Exercise description> Return all entries precisely as they stand, without the images.

Referring expression grounding data
+--

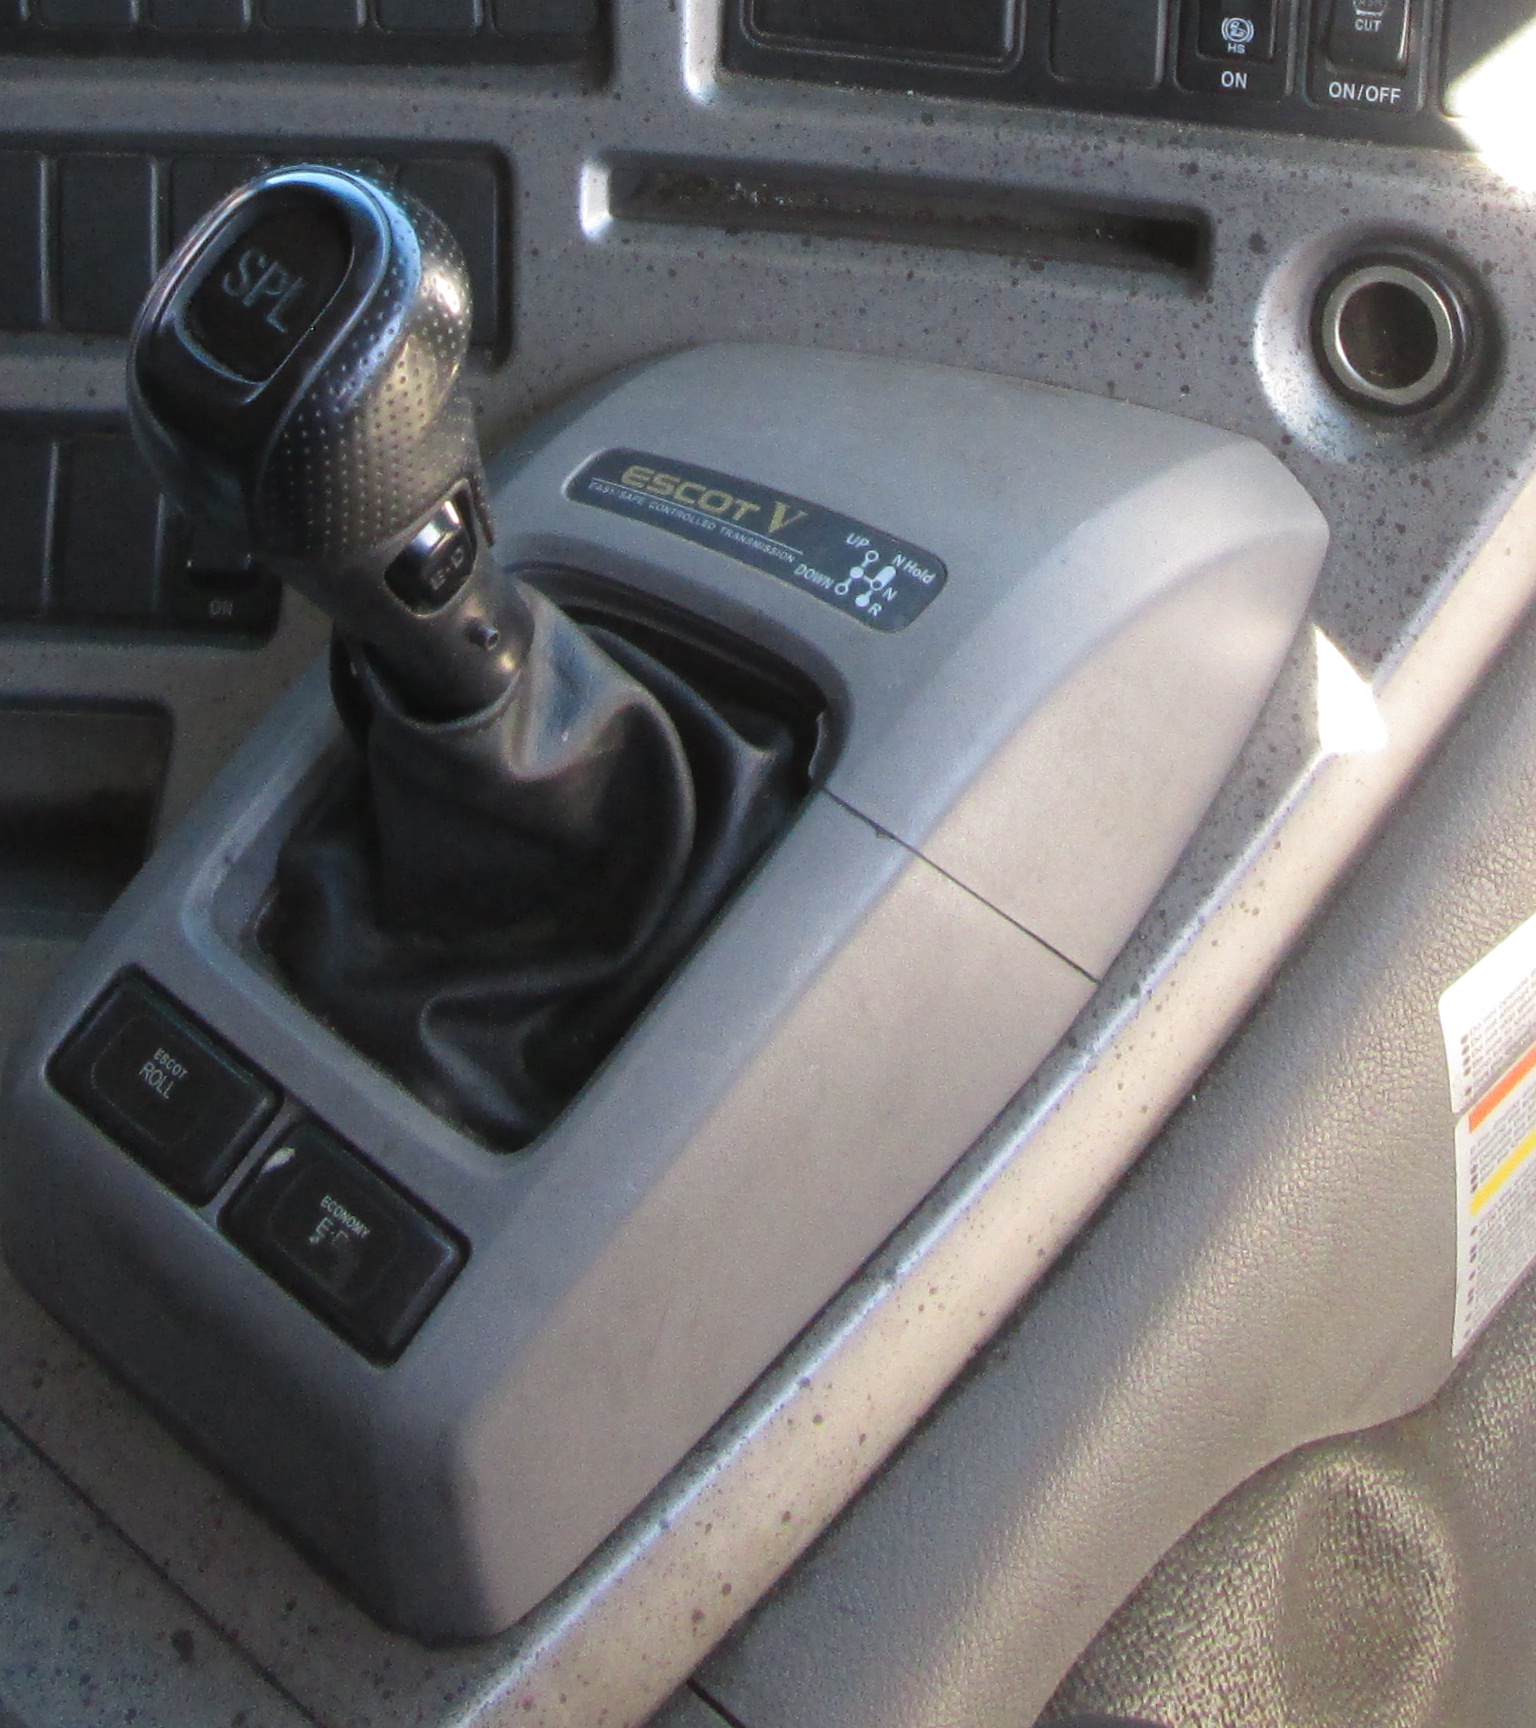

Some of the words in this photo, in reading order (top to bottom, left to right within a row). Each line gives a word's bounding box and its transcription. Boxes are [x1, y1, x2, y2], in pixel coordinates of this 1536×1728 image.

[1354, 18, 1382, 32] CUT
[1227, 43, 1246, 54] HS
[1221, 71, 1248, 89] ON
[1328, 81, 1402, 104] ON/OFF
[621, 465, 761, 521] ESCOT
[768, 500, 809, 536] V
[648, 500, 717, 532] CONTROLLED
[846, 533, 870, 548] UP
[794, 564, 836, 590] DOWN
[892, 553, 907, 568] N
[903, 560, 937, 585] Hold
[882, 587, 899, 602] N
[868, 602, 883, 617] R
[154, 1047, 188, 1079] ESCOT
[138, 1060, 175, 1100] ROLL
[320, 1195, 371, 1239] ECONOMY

+--

Your solution>
Some of the words in this photo, in reading order (top to bottom, left to right within a row). Each line gives a word's bounding box and its transcription. Boxes are [x1, y1, x2, y2], in pixel coordinates of this 1536×1728 image.

[1354, 18, 1382, 32] CUT
[1227, 43, 1246, 54] HS
[1221, 71, 1248, 89] ON
[1328, 81, 1402, 104] ON/OFF
[621, 465, 761, 521] ESCOT
[768, 500, 809, 536] V
[648, 500, 717, 532] CONTROLLED
[846, 533, 870, 548] UP
[794, 564, 836, 590] DOWN
[892, 553, 907, 568] N
[903, 560, 937, 585] Hold
[882, 587, 899, 602] N
[868, 602, 883, 617] R
[154, 1047, 188, 1079] ESCOT
[138, 1060, 175, 1100] ROLL
[320, 1195, 371, 1239] ECONOMY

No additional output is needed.